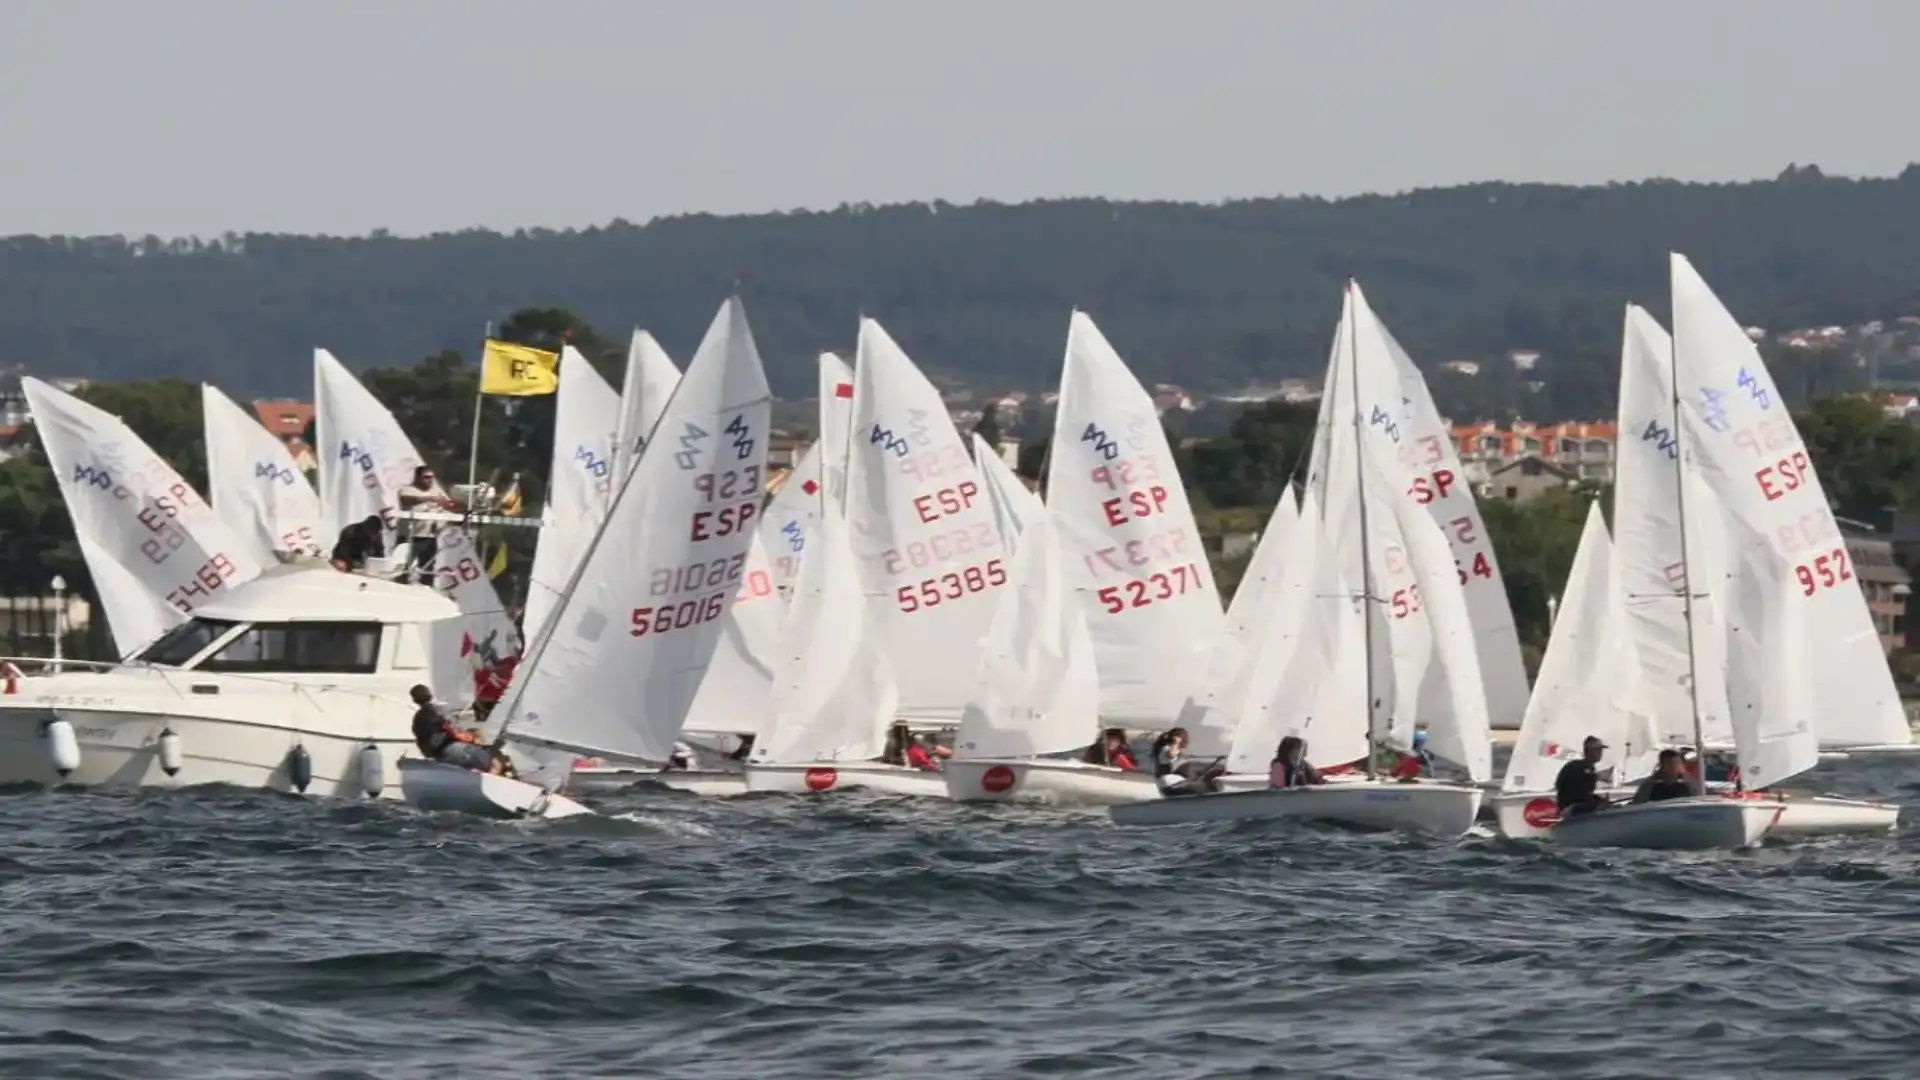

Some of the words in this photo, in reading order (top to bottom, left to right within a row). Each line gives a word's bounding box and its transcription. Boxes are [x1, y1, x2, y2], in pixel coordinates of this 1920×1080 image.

[511, 359, 538, 380] RC
[1738, 366, 1771, 410] 420
[724, 414, 755, 460] 420
[868, 424, 908, 457] 420
[1081, 422, 1118, 460] 420
[576, 445, 607, 477] 420
[1755, 451, 1809, 501] ESP
[137, 483, 188, 532] ESP
[913, 481, 978, 524] ESP
[1102, 485, 1168, 527] ESP
[1408, 469, 1455, 505] SP
[691, 502, 756, 542] ESP
[897, 558, 1008, 613] 55385
[1098, 563, 1203, 614] 52371
[1796, 549, 1852, 597] 952
[630, 592, 725, 637] 56016
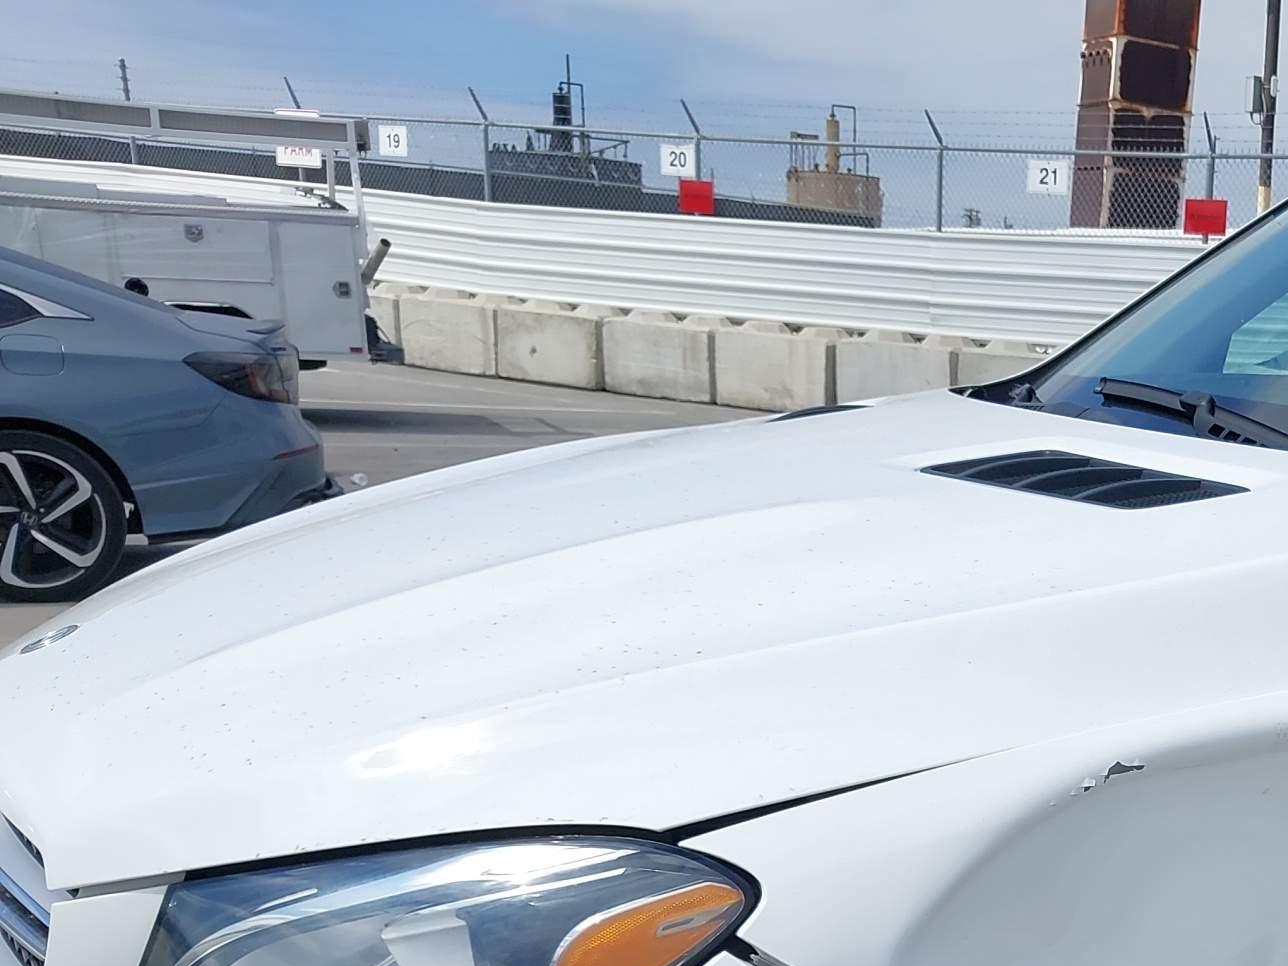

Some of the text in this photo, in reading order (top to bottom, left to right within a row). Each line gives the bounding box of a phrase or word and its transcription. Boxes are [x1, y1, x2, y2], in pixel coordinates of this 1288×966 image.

[386, 133, 401, 149] 19
[669, 150, 688, 168] 20
[1039, 167, 1058, 185] 21

——————————

**Directions**
Without the pictures, please output every record exactly.

**The completed task**
Some of the words in this photo, in reading order (top to bottom, left to right within a row). Each line gives a word's bounding box and its transcription. Boxes are [x1, y1, x2, y2], in pixel coordinates of this 1920×1080 image.

[511, 359, 538, 380] RC
[1738, 366, 1771, 410] 420
[724, 414, 755, 460] 420
[868, 424, 908, 457] 420
[1081, 422, 1118, 460] 420
[576, 445, 607, 477] 420
[1755, 451, 1809, 501] ESP
[137, 483, 188, 532] ESP
[913, 481, 978, 524] ESP
[1102, 485, 1168, 527] ESP
[1408, 469, 1455, 505] SP
[691, 502, 756, 542] ESP
[897, 558, 1008, 613] 55385
[1098, 563, 1203, 614] 52371
[1796, 549, 1852, 597] 952
[630, 592, 725, 637] 56016

Some of the text in this photo, in reading order (top to bottom, left to right within a row). Each line gives the bounding box of a phrase or word and its transcription. Boxes are [x1, y1, x2, y2], in pixel coordinates of this 1288×966 image.

[386, 133, 401, 149] 19
[669, 150, 688, 168] 20
[1039, 167, 1058, 185] 21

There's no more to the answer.